While we appreciate how serious your suspicions are, we feel it would be irresponsible of us to assist you without evidence that shows beyond any reasonable doubt that your theory is correct. While you have amassed an impressive collection of circumstantial evidence there remain unexplained holes in your timeline of events and there is no 'smoking gun'. Our stated Thorn Tree privacy policy is that we will never reveal information about a user without their consent, and any violation of this policy without being compelled by a subpoena could leave us open to damaging lawsuits. In short, so long as it is possible that you may be wrong, we do not wish to participate in what may be a wild-goose chase.
We do regret our lack of cooperation and hope that you understand our motivation. If you do acquire any new and compelling evidence, please let us know.
Sincerely,
Talena Radovich
Web Editor
Lonely Planet Publications
I restrained myself from punching my laptop. It wasn't the computer's fault. "Shit," I said. "Fuck. Shit fuck shit fuck shit fuck shit fuck." It didn't make me feel any better.
I went home to my apartment and turned on my TV and went up into Deep Cable to find the most brain-dead programming that I could. I was sick of thinking. I was beginning to think of lobotomies with longing.
About ten minutes into Married… With Children I got a phone call.
"Balthazar? Hi. It's Talena."
"Oh," I said. "Yeah. I got your email."
"Right. Let's pretend that you didn't."
I tried to figure out what she meant and failed. "What?"

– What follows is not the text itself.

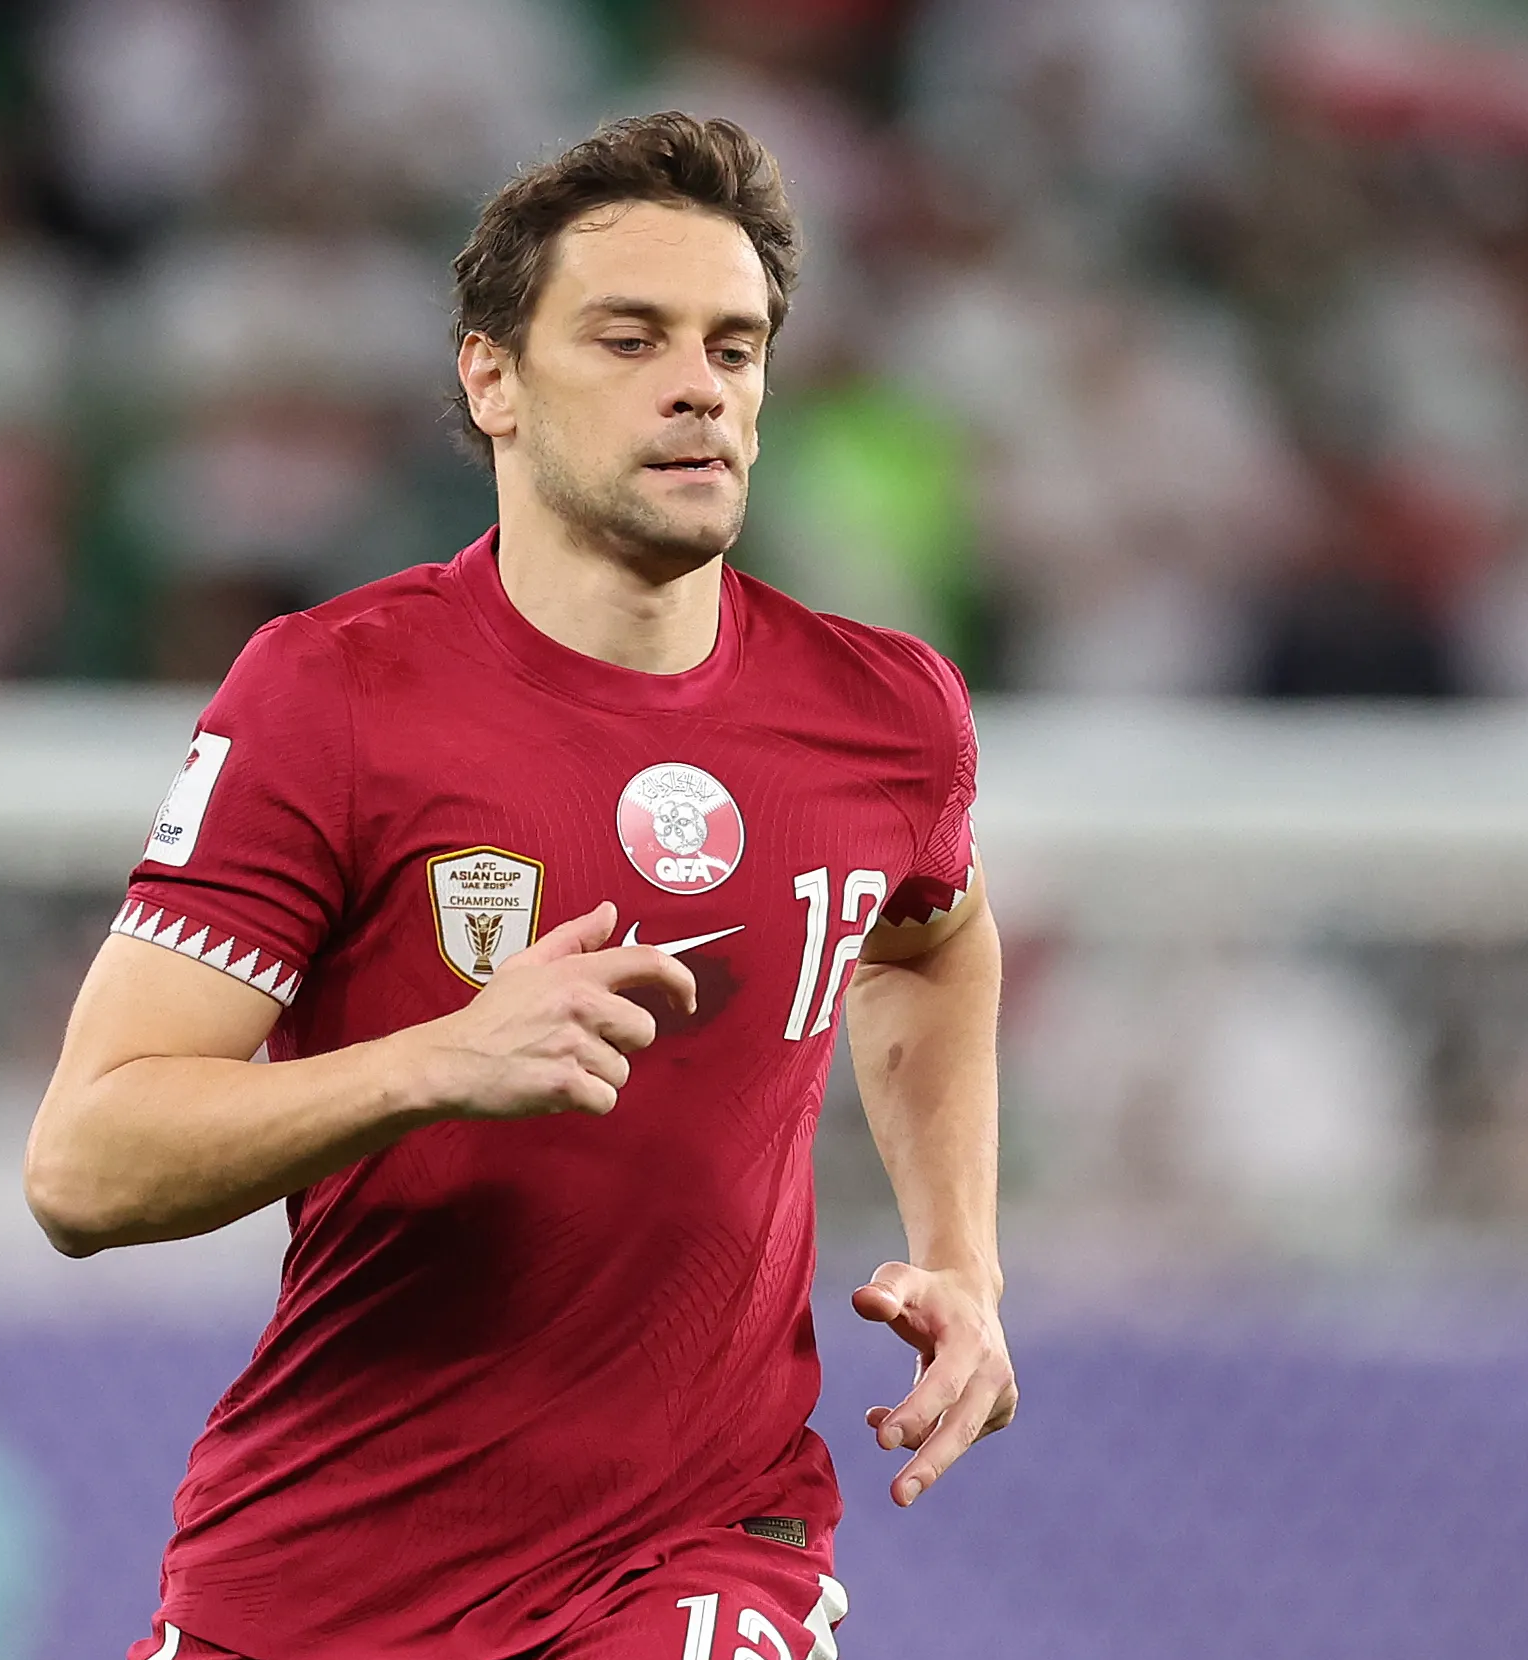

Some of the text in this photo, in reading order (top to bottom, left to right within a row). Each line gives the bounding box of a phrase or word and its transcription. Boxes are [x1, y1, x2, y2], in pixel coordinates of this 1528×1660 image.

"I talked it over with the board, and they're all very sympathetic and might even be willing to violate the privacy policy without a subpoena if you happen to get a videotape of the guy confessing his crimes."
"That's big of them."
"But first of all they don't want to violate their policy, and second of all they don't want to discourage people from traveling without hard evidence. Actually what they're scared of is that you'll go to the media. You can never tell what stories take off, and if yours does, we might be selling a lot fewer books for awhile."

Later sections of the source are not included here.